EASY NO-COOK CHOCOLATE ICE CREAM
This rich and creamy chocolate ice cream recipe has just five ingredients, no eggs, and doesn't require cooking, so it quickly comes together.
Provided by Kimberly Kunaniec
Categories Dessert
Time 2h10m
Number Of Ingredients 5
Steps:
- Gather the ingredients.
- Whisk together the milk, cocoa powder, and sugar. Whisk until the sugar and cocoa completely dissolve.
- In a large bowl, beat the heavy cream until it forms stiff peaks. Fold the whipped cream along with the vanilla extract into the cocoa powder mixture.
- Refrigerate the mixture for at least 30 minutes so it is completely cold.
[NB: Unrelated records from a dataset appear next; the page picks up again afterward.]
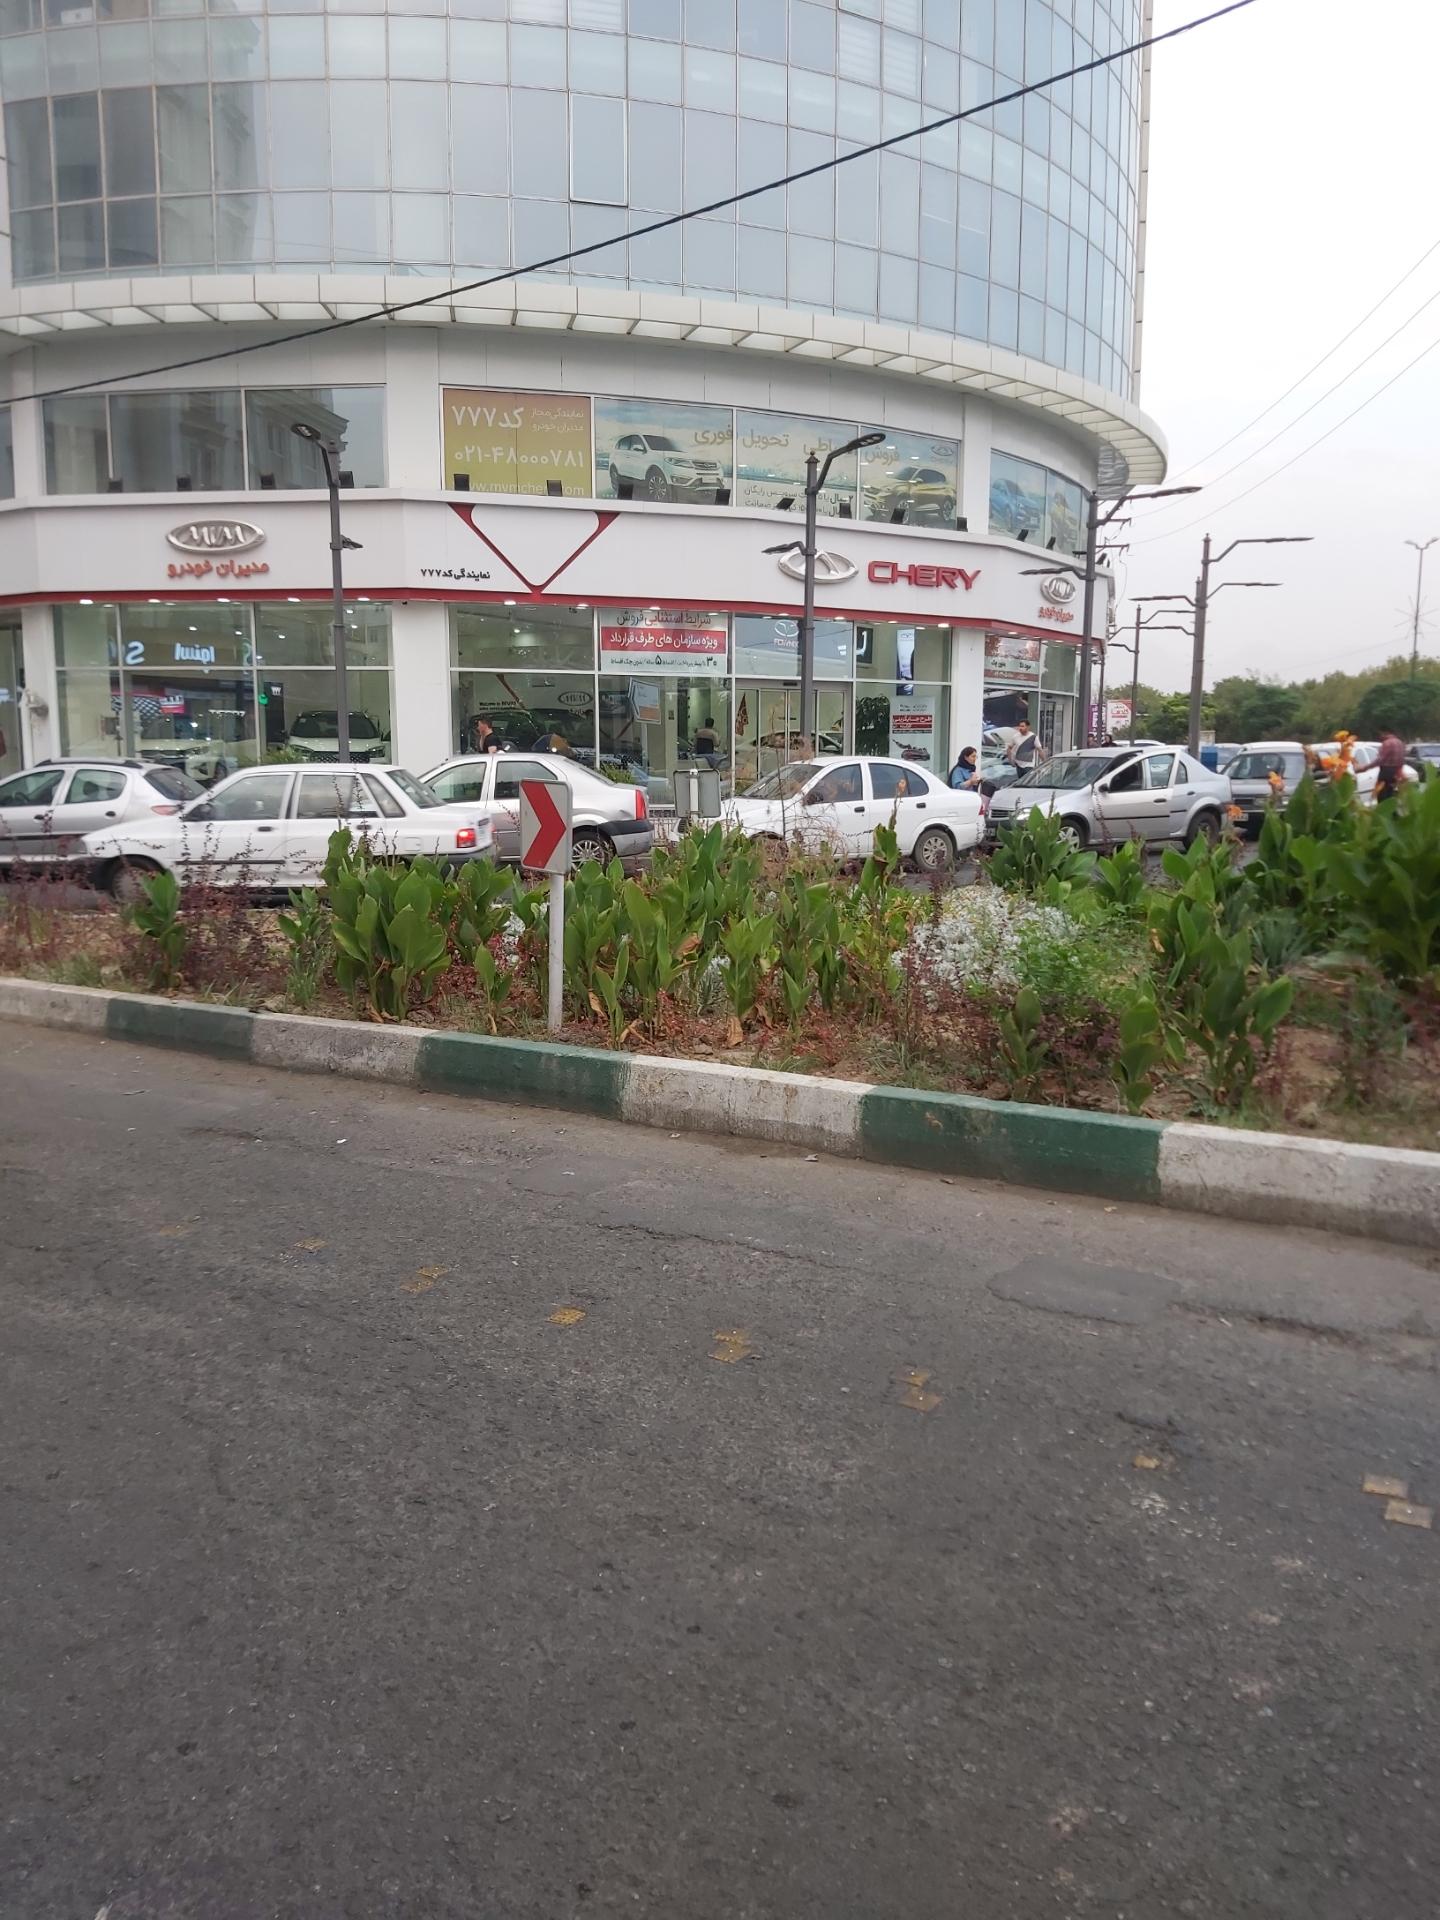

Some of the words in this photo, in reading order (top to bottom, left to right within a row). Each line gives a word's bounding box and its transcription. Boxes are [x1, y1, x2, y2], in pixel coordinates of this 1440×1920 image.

[451, 405, 497, 427] ۷۷۷
[498, 406, 525, 429] کد
[742, 429, 790, 450] تحویل
[167, 559, 213, 578] خودرو
[216, 559, 270, 578] مدیران
[453, 567, 491, 582] نمایندگی
[868, 560, 982, 590] CHERY
[617, 608, 643, 626] فروش
[685, 611, 712, 628] شرایط
[610, 631, 634, 647] قرارداد
[635, 632, 655, 647] طرف
[655, 633, 672, 648] های
[673, 633, 701, 649] سازمان
[701, 637, 718, 649] ویژه
This will help it freeze faster, improve the texture, and allow the cocoa powder to become fully hydrated by the milk and cream.
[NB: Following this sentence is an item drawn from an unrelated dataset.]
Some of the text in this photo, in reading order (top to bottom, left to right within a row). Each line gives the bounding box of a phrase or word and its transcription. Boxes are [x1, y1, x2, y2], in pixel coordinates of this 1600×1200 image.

- Give the ice cream base one more gentle stir and freeze according to the directions of your ice cream maker -about 1 1/2 to 2 hours.
- Store your ice cream in an airtight plastic container in the back of the freezer. This will help preserve the flavor and texture of the finished ice cream. You can serve the chocolate ice cream right from the ice cream maker, but it will have the texture of soft serve. Freezing for an hour before serving will create a firmer texture.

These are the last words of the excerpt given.